Вкус дерьмовый. Дешманское, что ли? Посмотрела на этикетку. Да нет, это хорошее. Просто паленое, наверное. Похуй. Второй бокал снова залпом.

Эдик неимоверно напряженно глядел на меня, смотрящую в окно, за которым начал накрапывать мелкий дождь, превращающий пасмурный, клонящийся к вечеру день в сплошные сумерки.

— Вы отменили продажу? — перевела на него взгляд и отрицательно мотнула головой, когда он потянулся к бутылке, чтобы вновь наполнить мой бокал.

— Да. — Кивнул Эдик, откидываясь на спинку стула и хмуро глядя в стол. — Через двое суток все будет ровно. — Вперил в меня взгляд и без перехода спросил, — ты узнала, что она с ним спала, да? Поэтому?

— Эдик… — у меня аж дар речи пропал. Я потрясенно смотрела на мрачного камрада и не хотела верить, что он считает меня такой тупой. — Ты дебил? Если бы я грохала каждую бабу с кем он спал, то в городе бы их не осталось. Ну, и соседние поредели. Москва вообще бы вымерла. Половой гигант, блять… Был.

— Ты могла подумать, что она сливает ему. Все наперекосяк пошло, не успев начаться. — Поморщился он, прищурено глядя в мое лицо.

— Ты думаешь, я взяла бы в распил дуру, которая ради блядуна лишится компании и меня под хуй подведет? — Разозлено подалась вперед к столу, удивленно вскидывая бровь. — Доверила бы ей последующее оформление доков и такой компромат на себя? Я не только с тобой неделями хороводы водила, чтобы выяснить стоишь ли ты того, и по итогу тебе сказать, мол, хочешь продать душу, продай ее мне. Не только с тобой, Эдик. Среди вас нет ни одного человека, кто не ставит бабки выше всего остального. Иначе бы не связалась. Отсюда вопрос: а не ты ли Диану убил? Она же отменила продажу.

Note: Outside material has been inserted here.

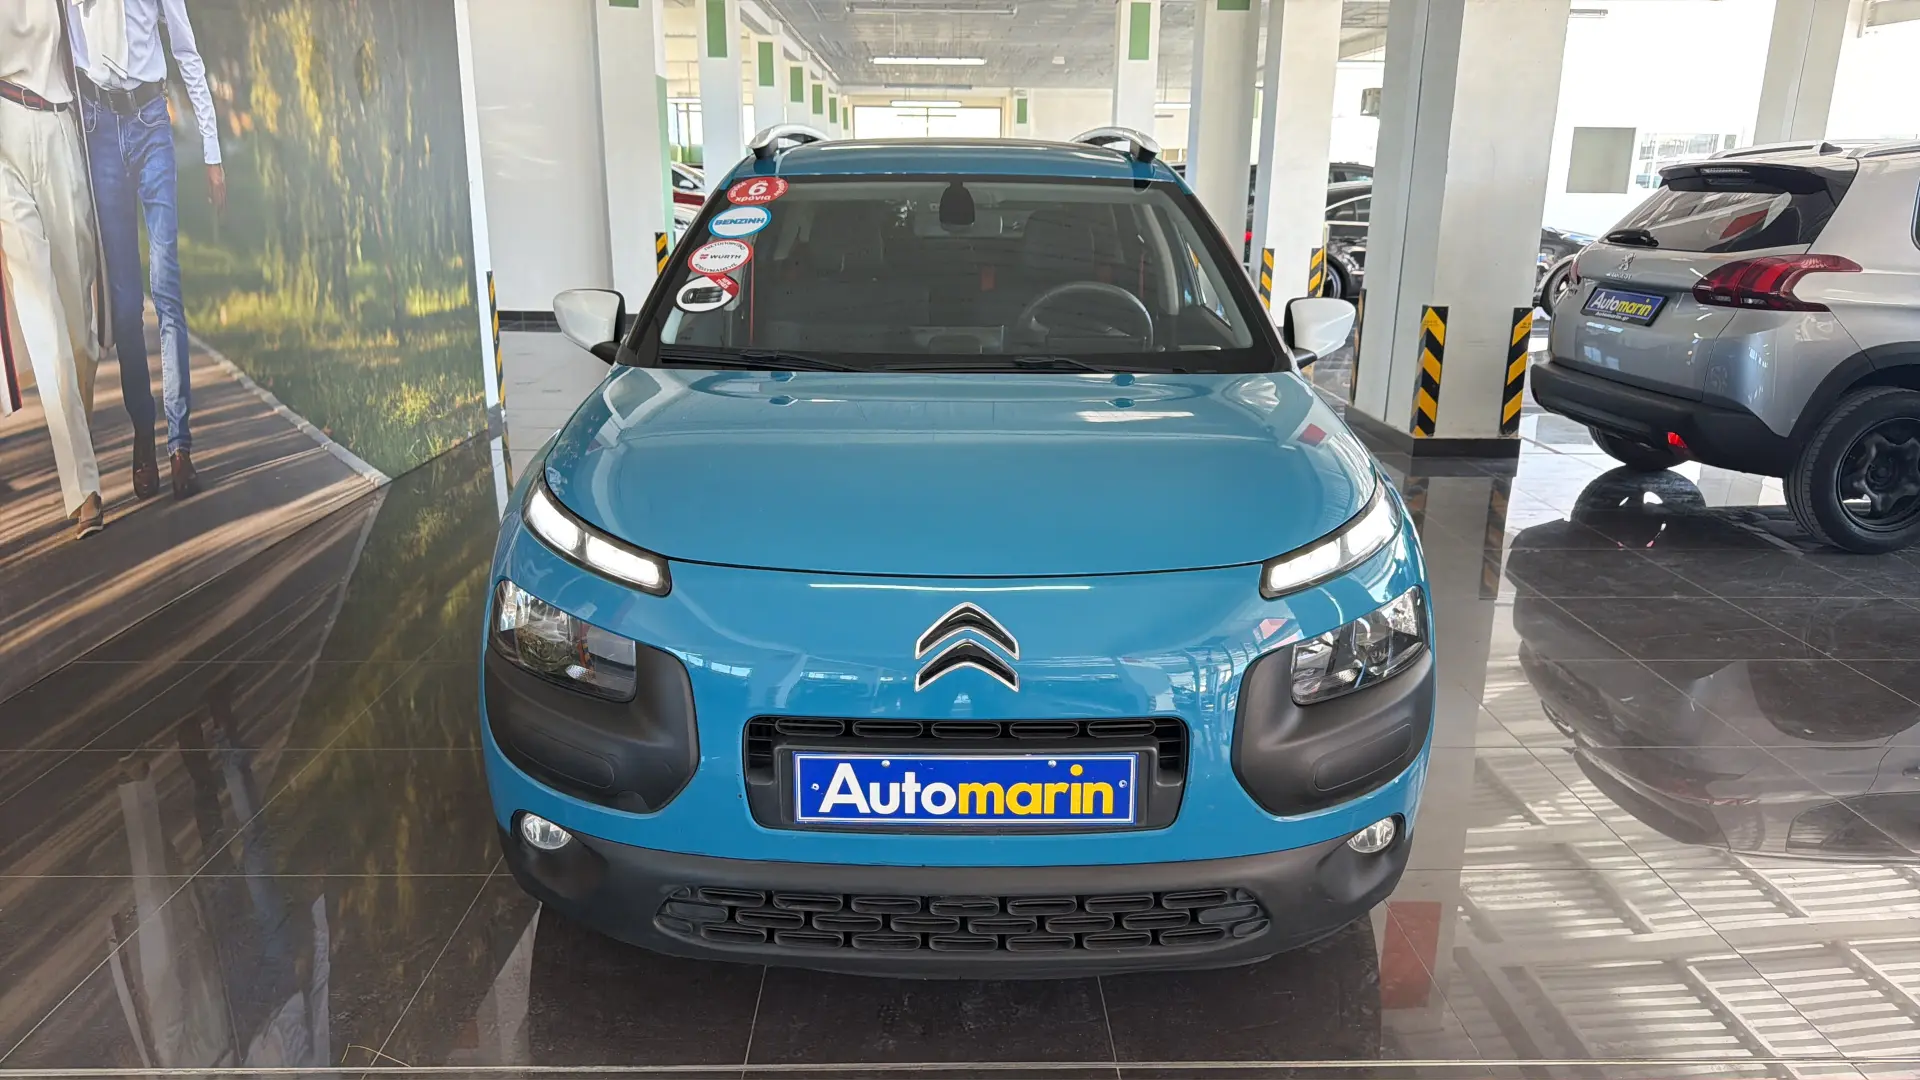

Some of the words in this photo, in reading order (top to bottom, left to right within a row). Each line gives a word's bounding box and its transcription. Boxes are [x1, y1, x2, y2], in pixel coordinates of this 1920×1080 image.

[748, 182, 769, 196] 6
[1590, 292, 1652, 317] Automarin
[818, 762, 1114, 816] Automarin

— Здесь уже у тебя провис. — Глотнул виски, мрачно глядя на меня. — Зачем мне брать компанию, из-за которой маман глаза выцарапает, а у людей в форме с ее подачи появятся ненужные подозрения и родятся глупые обоснования для кривых мотивов. У нас же в стране как? Кому они придумали мотив, тот и виноват и похуй, что логики нет.

— Где Витя и Захар? — сцепив зубы, тоже откинулась на стул прикрывая глаза и уговаривая себя не раздражаться. Не сейчас. Сейчас нельзя терять голову. Вообще.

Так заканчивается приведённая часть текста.